To maintain social distancing, Bingham said he hasn’t decorated his small backyard as in years past. The side yard has a large, long driveway where people can maintain appropriate distance from each other.

“I still wanted to do something that people could enjoy. I’ll still get to connect with those who are out,” he said.

Julia Murphy-Chutorian, of Southgate, said she has invited her neighbors on Mariposa Avenue to put out tables with candy between 6-7 p.m. on Halloween.

“The neighbors can sit outside and see the kids come by and still be socially distanced. The nice thing is having an hour of fun for the neighbors to see the children. The fun part of Halloween is opening the door and seeing the costumes,” she said.

She has also reached out to other streets in her neighborhood through Nextdoor to see if they want to join in, she said.

Few trick-or-treaters have come to her neighborhood in the past, Murphy-Chutorian noted.

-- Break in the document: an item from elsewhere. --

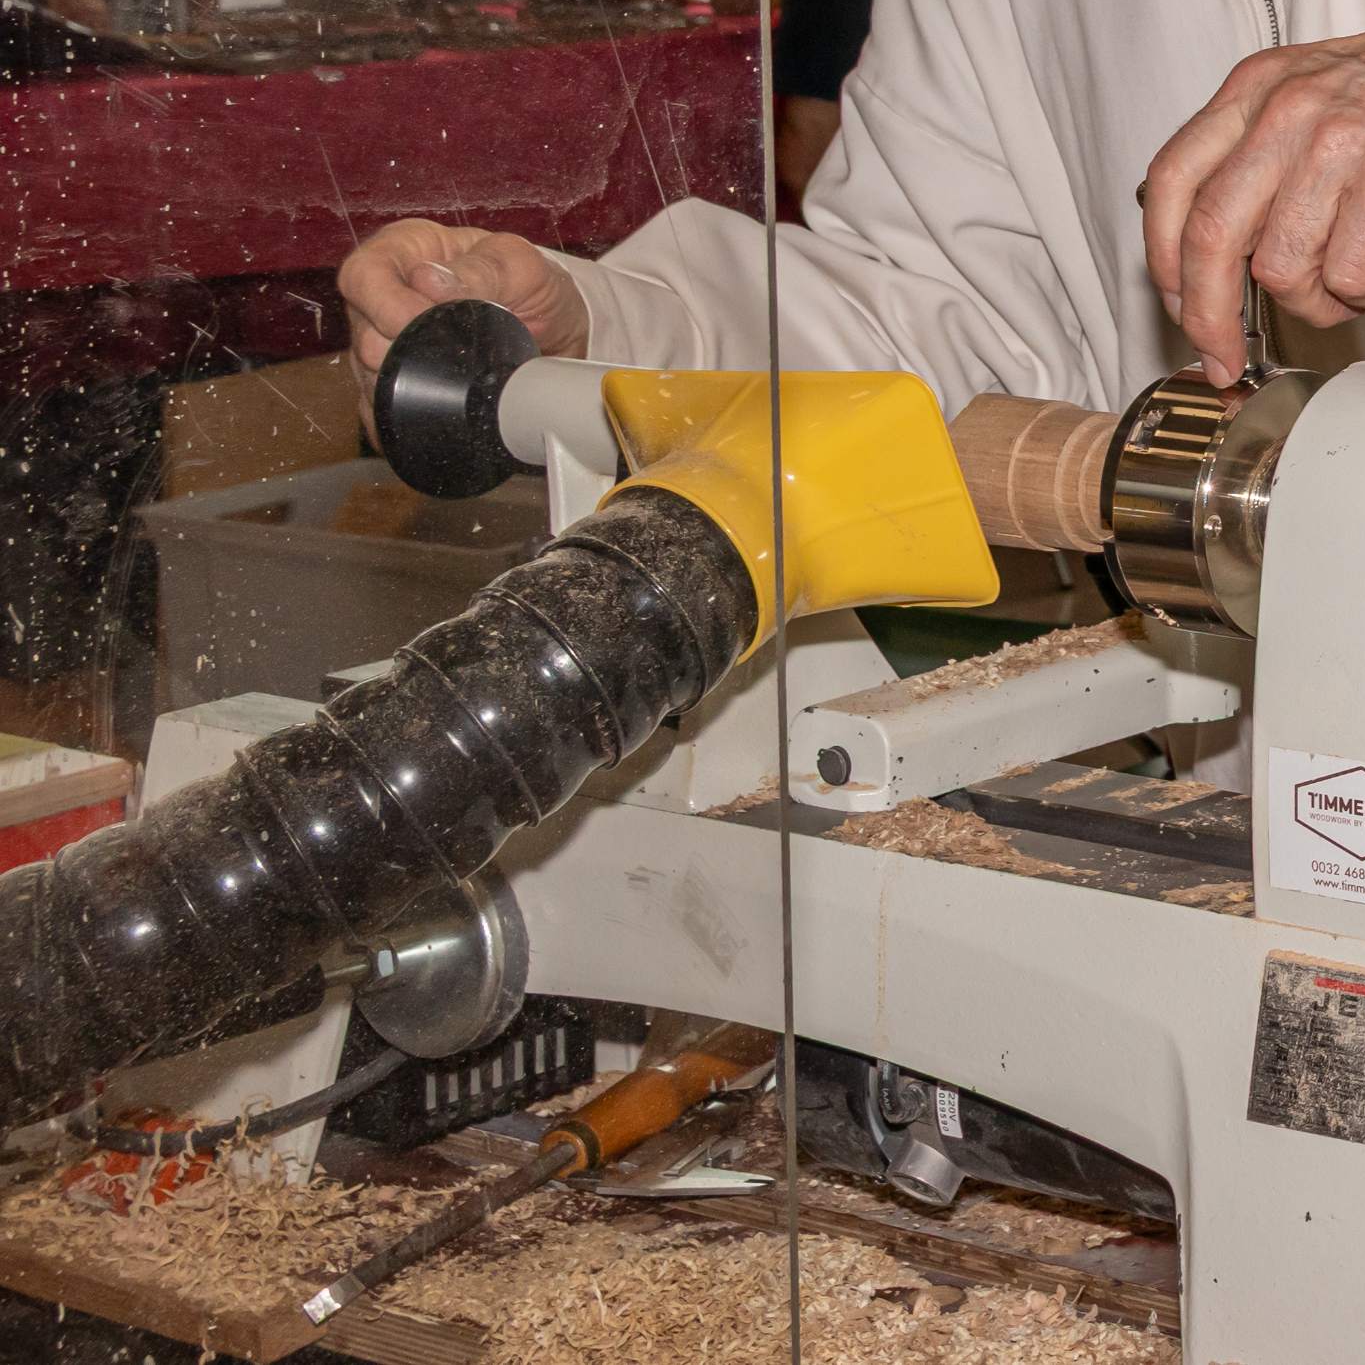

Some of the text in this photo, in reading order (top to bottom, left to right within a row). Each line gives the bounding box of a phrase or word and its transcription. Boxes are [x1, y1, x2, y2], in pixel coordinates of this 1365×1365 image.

This year, she said she isn’t sure what will happen as people choose to stay closer to home because of the pandemic.

“Hopefully that’s what will come out of this: People will stay in the community and get to know their neighbors rather than going out to the hottest thing,” she said.

A witch sits in a chair at the Greenmeadow Community Pool during the 2019 scary swim meet. Courtesy Sherry Listgarten.

Greenmeadow Community Association will host a “Spooky Time Trials” swim meet in the association’s heated pool on Saturday morning, Oct. 24.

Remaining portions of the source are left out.